- [Problem to work on]:
Pictures do not belong in the copy; quote every entry below exactly.

▼▼▼

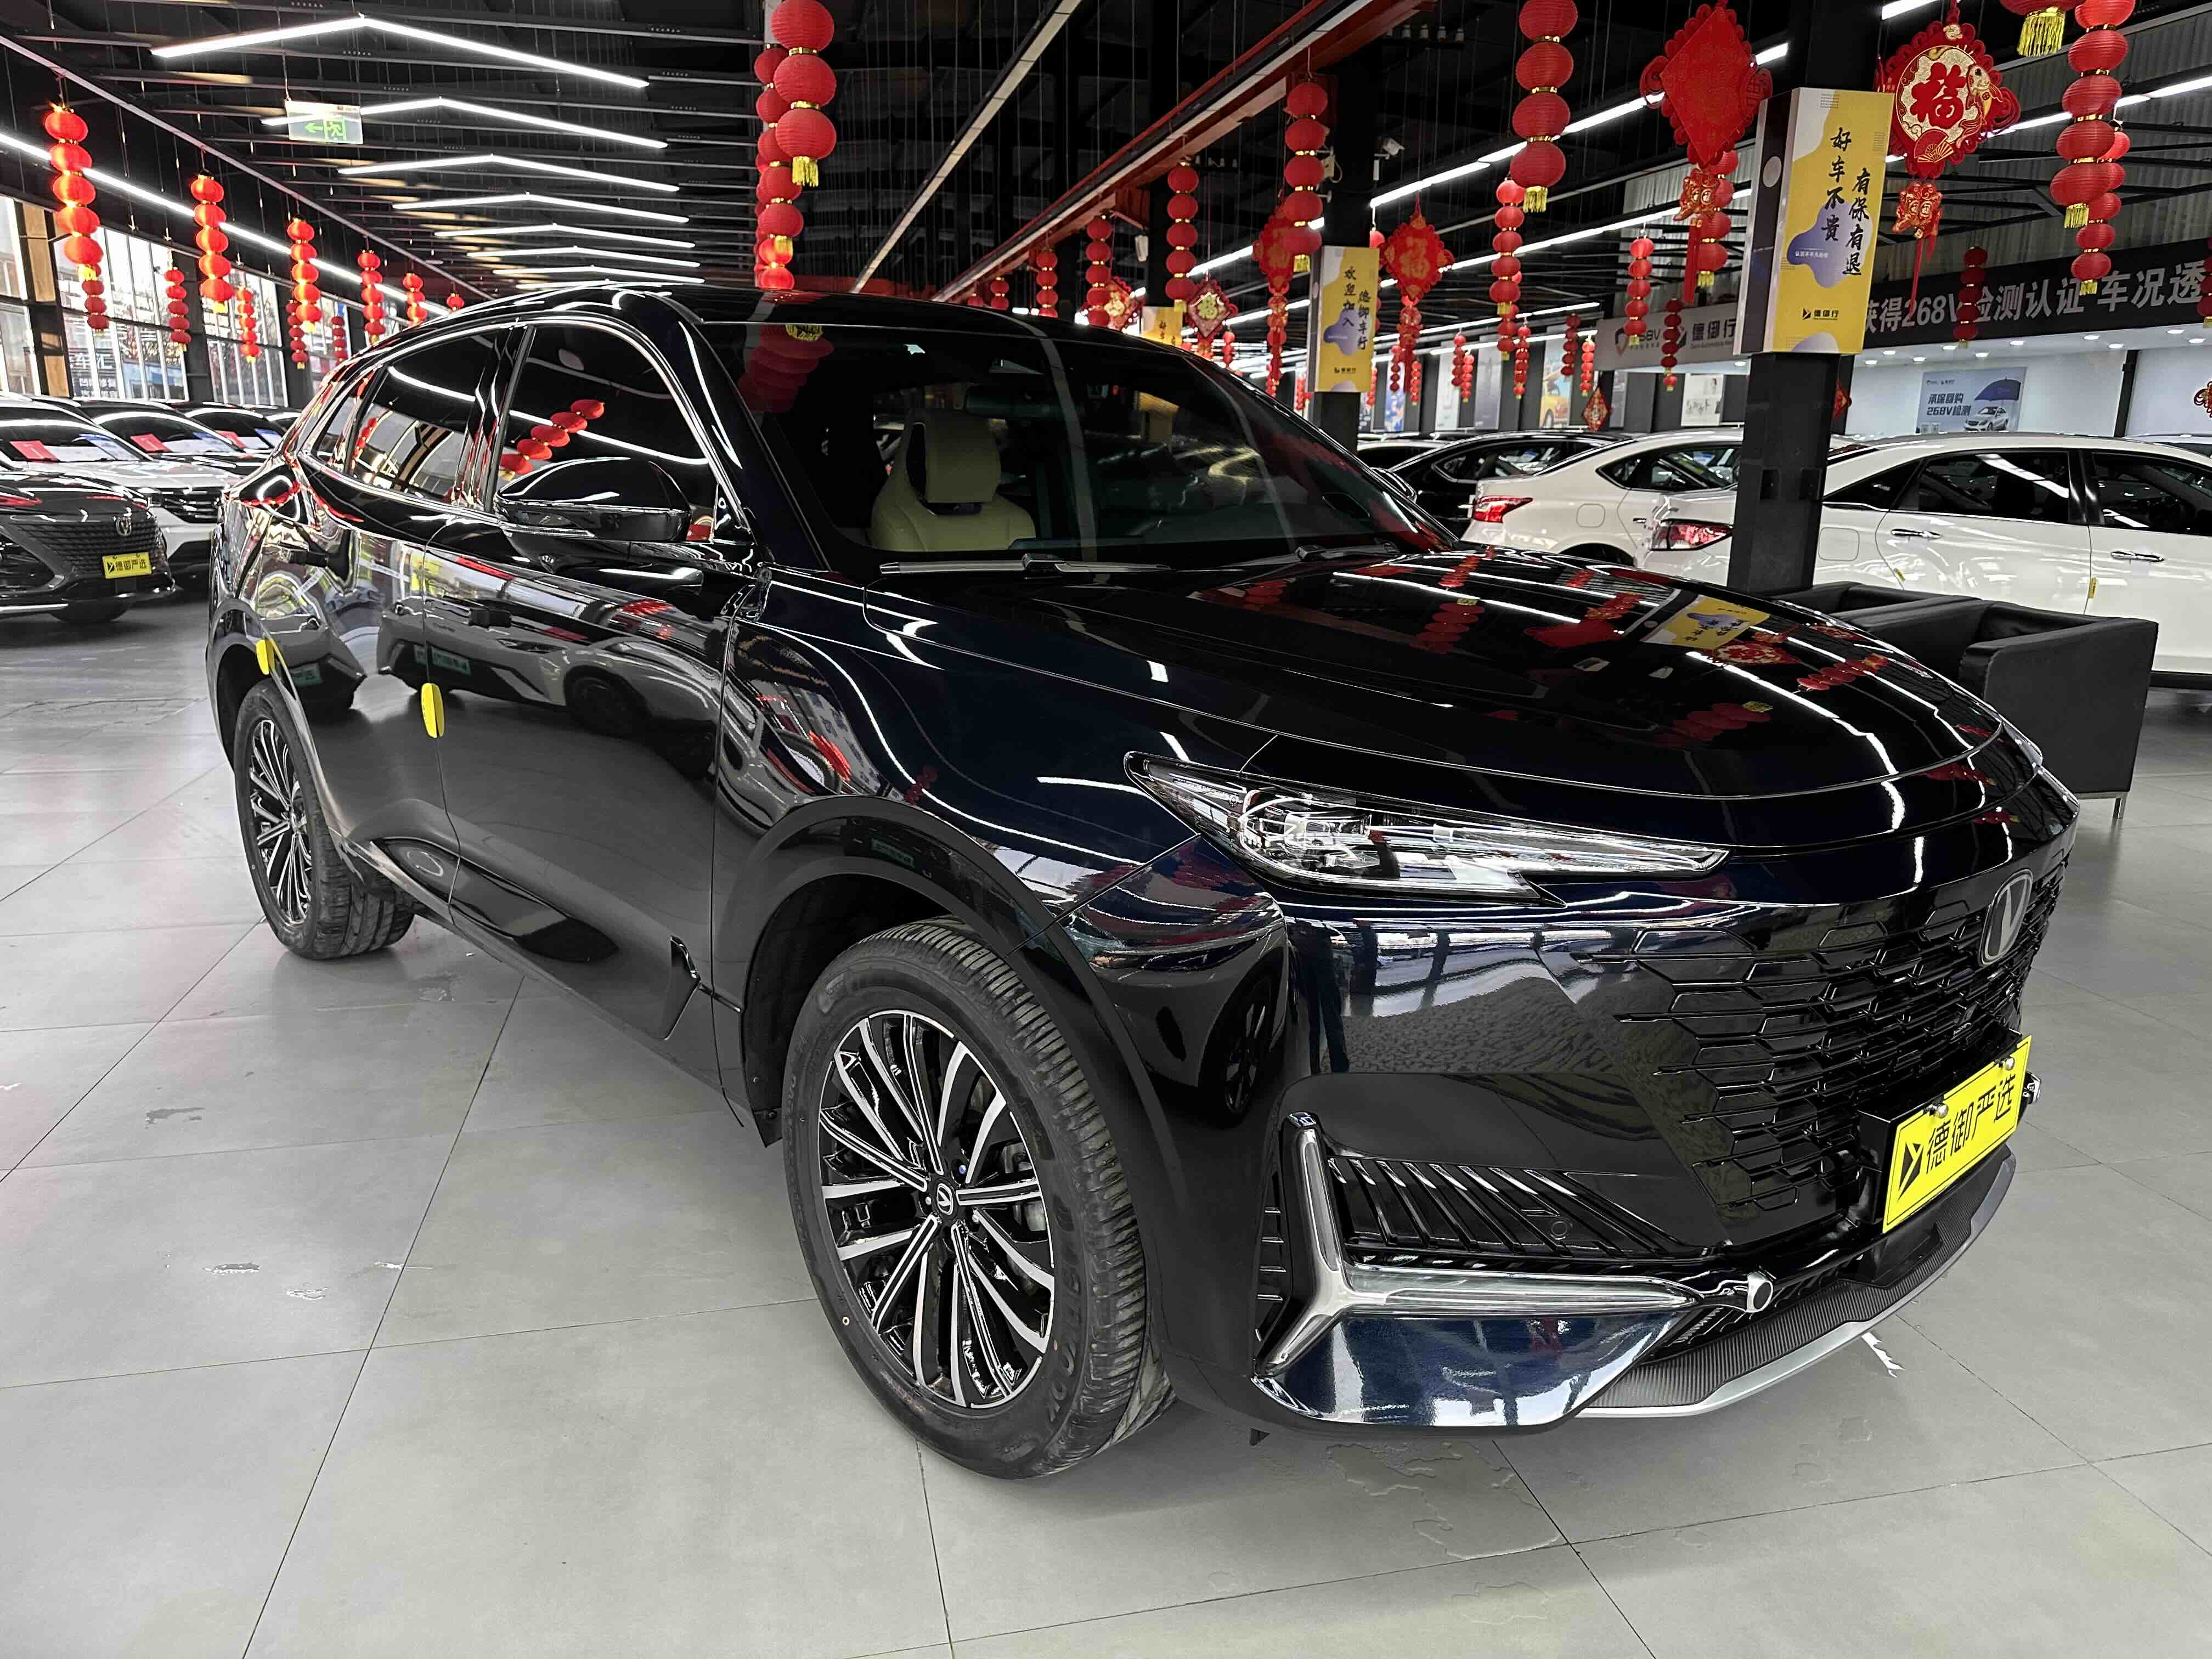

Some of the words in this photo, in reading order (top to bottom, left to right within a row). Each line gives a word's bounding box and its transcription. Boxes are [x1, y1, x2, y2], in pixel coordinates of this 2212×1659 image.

[1910, 62, 1967, 129] 福
[1821, 127, 1852, 241] 好车不贵
[1842, 167, 1870, 275] 有保有退
[1343, 266, 1357, 327] 欢迎加入
[1926, 404, 1971, 416] 268V检测
[1928, 393, 1963, 404] 承保回购
[1926, 1073, 2016, 1175] 德御严选

▲▲▲

- [Written solution]:
Some of the words in this photo, in reading order (top to bottom, left to right within a row). Each line gives a word's bounding box and its transcription. Boxes are [x1, y1, x2, y2], in pixel coordinates of this 2212×1659 image.

[1910, 62, 1967, 129] 福
[1821, 127, 1852, 241] 好车不贵
[1842, 167, 1870, 275] 有保有退
[1343, 266, 1357, 327] 欢迎加入
[1926, 404, 1971, 416] 268V检测
[1928, 393, 1963, 404] 承保回购
[1926, 1073, 2016, 1175] 德御严选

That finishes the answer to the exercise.